While working on an unrelated issue on svr021 I noticed an edg-mkgridmap error in the logfile

Aug 29 05:28:14 svr021 edg-mkgridmap[6693]: voms search(https://svr029.gla.scotgrid.ac.uk:8443/voms/vo.scotgrid.ac.uk/services/VOMSCompatibility?method=getGridmapUsers): Internal Server Error

Mentioned to mike who promptly went and fixed the issue, only to discover 30 mins later we're failing SAM tests - LCAS voms plugin had once again gone fubar and caused globus-gatekeeper to segfault

Aug 29 12:14:41 svr021 GRAM gatekeeper[662]: Authenticated globus user: [DN REMOVED]
Aug 29 12:14:41 svr021 GRAM gatekeeper[663]: Authenticated globus user: [DN REMOVED] Aug 29 12:14:41 svr021 kernel: globus-gatekeep[662]: segfault at 0000000000000046 rip 0000000000b86259 rsp 00000000ffff9d98 error 4
Aug 29 12:14:41 svr021 kernel: globus-gatekeep[663]: segfault at 0000000000000046 rip 0000000000b86259 rsp 00000000ffff9d98 error 4


the globus gatekeeper log has a bit more info:
TIME: Fri Aug 29 12:14:41 2008
PID: 663 -- Notice: 5: Authenticated globus user: [DN REMOVED]
lcas client name: [DN REMOVED]
LCAS 0:
LCAS 1: Initialization LCAS version 1.3.7
allowing empty credentials
LCAS 2: LCAS authorization request
LCAS 0: lcas_userban.mod-plugin_confirm_authorization(): checking banned users in /opt/glite/etc/lcas/ban_users.db
LCAS 0: lcas_plugin_voms-plugin_confirm_authorization_from_x509(): Did not find a matching VO entry in the authorization file
LCAS 0: 2008-08-29.12:14:41 : lcas_plugin_voms-plugin_confirm_authorization_from_x509(): voms plugin failed
LCAS 0: lcas.mod-lcas_run_va(): authorization failed for plugin /opt/glite/lib/modules/lcas_voms.mod
LCAS 0: lcas.mod-lcas_run_va(): failed
LCAS 0: lcas_plugin_voms-plugin_confirm_authorization_from_x509(): Did not find a matching VO entry in the authorization file
LCAS 0: 2008-08-29.12:14:41 : lcas_plugin_voms-plugin_confirm_authorization_from_x509(): voms plugin failed
LCAS 0: lcas.mod-lcas_run_va(): authorization failed for plugin /opt/glite/lib/modules/lcas_voms.mod
LCAS 0: lcas.mod-lcas_run_va(): failed
JMA 2008/08/29 12:14:45 GATEKEEPER_JM_ID 2008-08-29.11:14:39.0000014519.0000000000 JM exiting

As before, commenting out the lcas_voms.mod in /opt/glite/etc/lcas/lcas.db allows it to work, at the expense of losing VOMS roles.

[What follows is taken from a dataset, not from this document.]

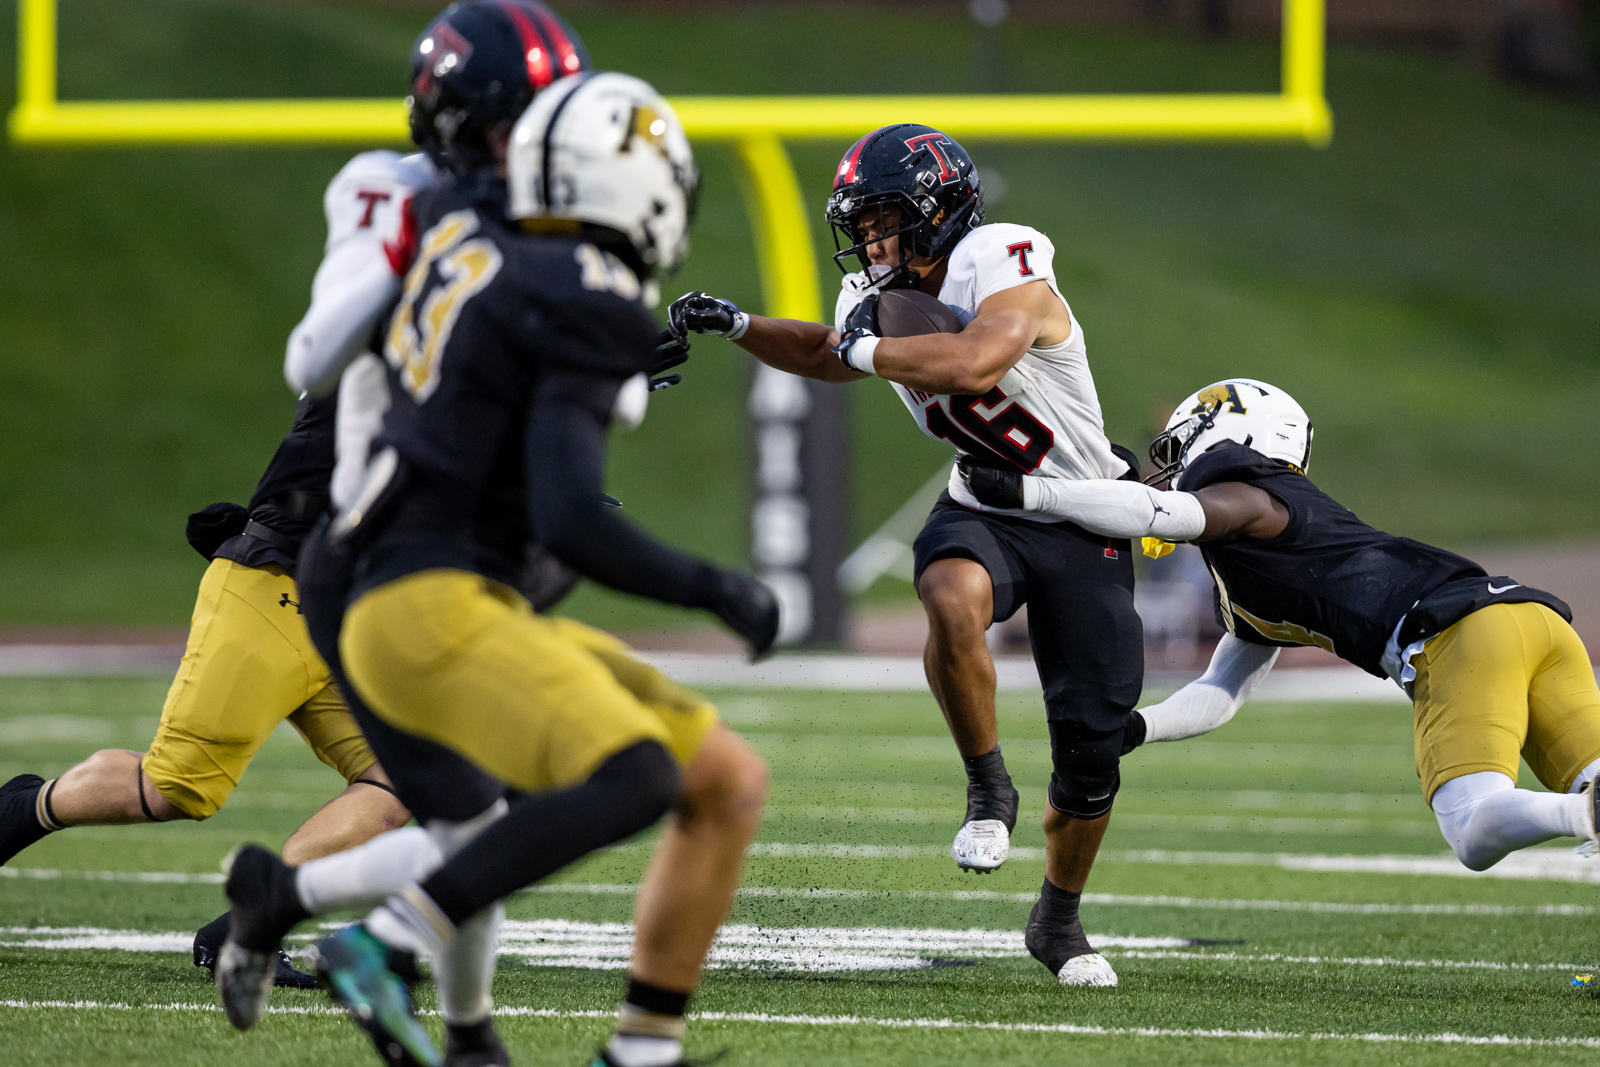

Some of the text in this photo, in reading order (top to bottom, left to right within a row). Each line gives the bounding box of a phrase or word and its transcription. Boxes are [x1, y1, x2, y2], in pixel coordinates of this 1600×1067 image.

We've got it working using the voms_mod at the moment by altering the ACLs on the VOMS server (svr029) for nanocmos. Now to try and debug the lcas plugin failure

Wednesday, August 27, 2008

CE-sft-lcg-rm-rep fail

Ho Hum - After sorting out the gatekeeper, we still get a sam fail. Wait a minute...

Checking replication to Central SE (lxdpm101.cern.ch)

Replicate the file from the default SE to lxdpm101.cern.ch

+ lcg-rep -v --vo ops -d lxdpm101.cern.ch lfn:sft-lcg-rm-cr-node114.beowulf.cluster.080827052321.475531
Using grid catalog type: lfc
Using grid catalog : prod-lfc-shared-central.cern.ch
Source SE type: SRMv1
Destination SE type: SRMv1
httpg://lxdpm101.cern.ch:8443/srm/managerv1: No space left on device
lcg_rep: No space left on device
+ result=1
+ set +x

No space on device? grr - don't these people have monitoring ;-)

gatekeeper AWOL

Glasgow suffered 3-4 hours CE outage this evening as the globus-gatekeeper on svr021 had gone AWOL. we suffered a few SAM tests before I twigged that the 'connection refused' was coming from our end - 'service globus-gatekeeper restart' nobbled that but not until we'd failed 7 sam tests. Damn.

Monday, August 25, 2008

Glasgow on the move

Because of the current problems at RAL, Glasgow was nominated as a test peripatetic Tier-2, so see how agile ATLAS production was at moving Tier-2 resources in case of T1 downtime (note this test only works if the cloud services, FTS and LFC, are still running - if these are gone then it's almost impossible, today, to use any of the cloud's Tier-2s).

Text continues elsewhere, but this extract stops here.